Défi Rentrée littéraire 2014.

Le blog de l'auteur.

 

Viande, viande... humaine surtout, animale parfois. Avec "La Dévoration", Nicolas d'Estienne d'Orves régale ses lecteurs en leur offrant un roman saignant, carnassier s'il en est. Généreux, écrit de manière friande, il se dévore toutes dents dehors - ce qui n'est que justice.

 

Tout commence par un largage en règle: l'écrivain Nicolas plaque son amie Aurore, un soir où elle lui a préparé un petit dîner romantique. Naturellement, nous ne saurons rien de ce qu'il y a dans l'assiette: ultime attache avant un nouveau départ, la trop évanescente Aurore (on ne saura pas grand-chose d'elle) doit être écartée. Plus intrigant, l'auteur n'indique pas pourquoi Nicolas quitte Aurore. Quelque chose paraît ne pas coller; le lecteur sent d'emblée une affaire à suivre de près. Le largage d'Aurore survient après une soirée à l'opéra. Soirée où "un chef suédois avait massacré une Carmen, qu'il dirigeait comme du beurre fondu.": manger, déjà...

 

challenge rl jeunesseLe thème de la chair arrive de manière brutale avec le récit de Rogis, boucher devenu bourreau par une grâce épiscopale et premier homme d'une longue dynastie de bourreaux. Ce récit constitue une sorte de feuilleton à l'intérieur du roman. Quel lien? Patience, lecteur... mais quelques indices sont présents: l'éditrice de Nicolas lui demande de se dévoiler, et d'arrêter d'écrire des histoires sanguinolentes aux titres explicites ("Le Culte du sang", pour n'en citer qu'un) derrière lesquelles se cache, selon elle, la personnalité de Nicolas. Le sang, de part et d'autre...

 

Dûment documentée, l'évolution du métier de bourreau au travers d'une dynastie exemplaire est un contrepoint captivant et rondement mené, où la cruauté apparaît, brute ou par contraste, page après page.

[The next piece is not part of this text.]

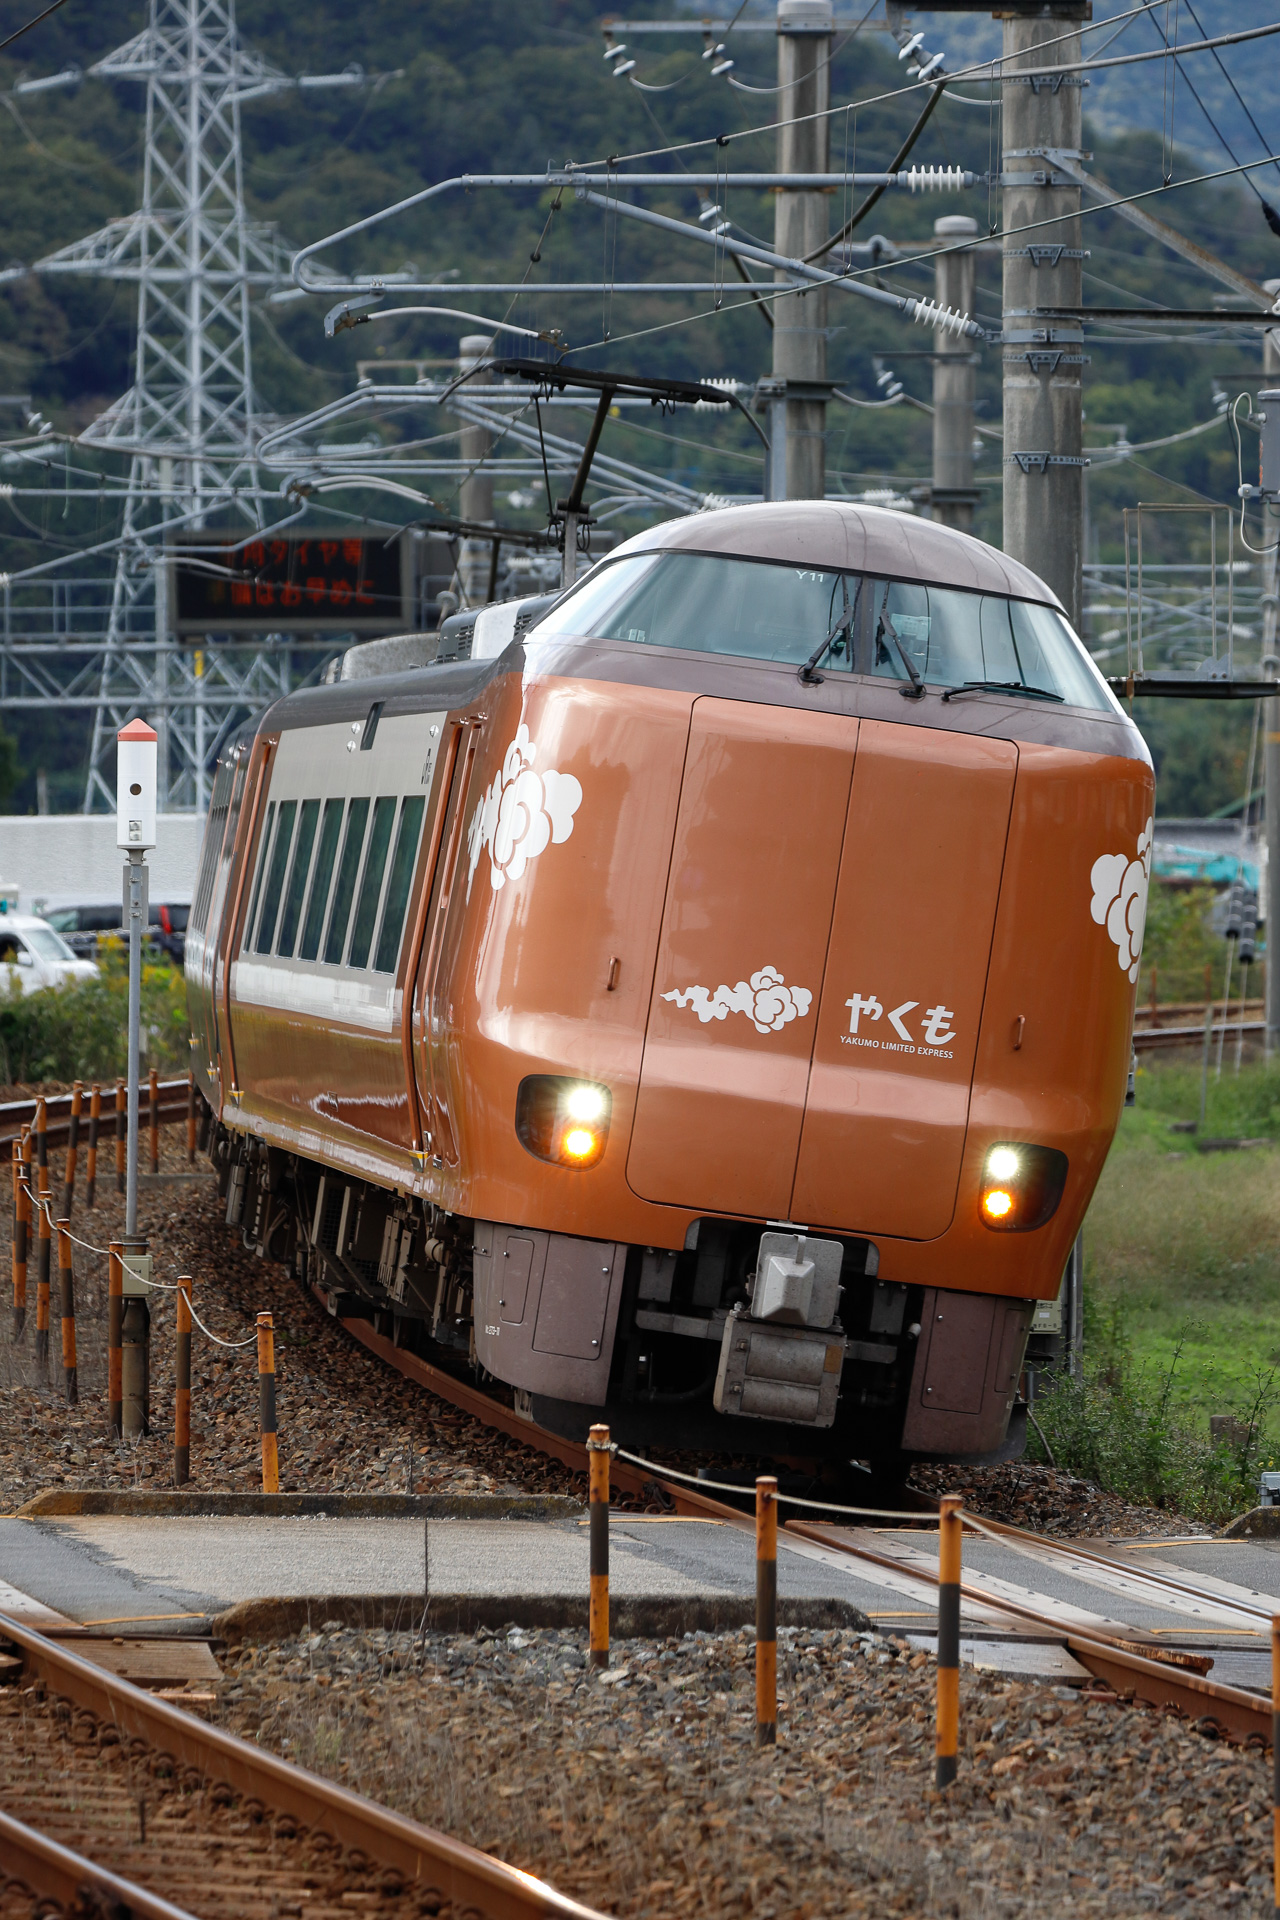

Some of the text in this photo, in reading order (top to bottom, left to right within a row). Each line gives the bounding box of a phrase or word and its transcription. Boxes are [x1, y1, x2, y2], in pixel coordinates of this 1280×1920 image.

[795, 570, 824, 583] Y11
[844, 992, 957, 1046] やくも
[840, 1035, 954, 1059] YAKUMO LIMITED EXPRESS

Il y a cette condamnée qui croit voir un ange en voyant le fils du bourreau. Il y a ce bourreau qui, troublé par la beauté de telle autre condamnée, la massacre. Le caractère cru, explicite, de certaines pages a de quoi impressionner, pour le moins.

 

Historique toujours, le récit des tribulations du Japonais cannibale Morimoto, largement inspiré de l'histoire vraie de l'étudiant Sagawa, va encore plus loin dans l'horreur. L'auteur trouve le meilleur moyen de déranger en se mettant dans la peau du cannibale et en montrant toute la sensualité qu'on peut trouver à tuer une collègue d'études, Renée, puis à en déguster les meilleurs morceaux, crus ou cuits, après les avoir découpés comme le ferait un boucher (comme l'ancêtre Rogis, donc): "J'ai ensuite mis une noisette de beurre dans la poêle, allumé le gaz et coupé ton sein gauche. Posant la lame à plat, au ras du corps, je l'ai scié à l'horizontale. La chair était beaucoup plus facile à trancher que la fesse ou la cuisse. Normal, me suis-je dit en retournant le sein dans ma main, il n'y a que de la graisse."

 

L'auteur, enfin, étonne en décrivant le personnage de Sagawa: qui eût cru qu'un tel monstre prenne les traits d'un gars affable et chétif, mesurant 1,55 mètre et pesant 35 kilos? Est-ce bien lui qui ose dire: "Quand je rencontre des femmes, j'ai toujours faim..."? Le lecteur sensible pourrait même trouver un brin de lyrisme dans le verbe de ce personnage.

 

De même que le fait qu'on les retrouve dans un seul livre, quelques échos suggèrent que ces épisodes, si hétéroclites qu'ils soient, finiront par trouver un lien. Celui-ci est habile, de la part de l'auteur, et renvoie directement à un autre élément: Nicolas et la constellation de personnages qui l'entourent, famille ou amis. La métaphore sanguine ou carnée n'est jamais loin: on voit des personnages aux allures de vampires, des bouches sanguinolentes, et il arrive que l'auteur utilise directement le terme de viande pour parler de la chair d'un personnage.

 

"La Dévoration" fait partie de ces romans qui vous prennent à la gorge, aux tripes. Au-delà de son titre aux allures de néologisme brutal, ce livre prend le goût d'une viande sauvage, ou bien rouge, ou faisandée à l'occasion, et va loin dans le traitement de ses sujets - quitte à atteindre les confins de l'insoutenable. La force de l'écriture transcende le côté gore du propos pour donner un ouvrage intelligent et fougueux, au souffle puissant et profond.

 

Nicolas d'Estienne d'Orves, La dévoration, Paris, Albin Michel, 2014.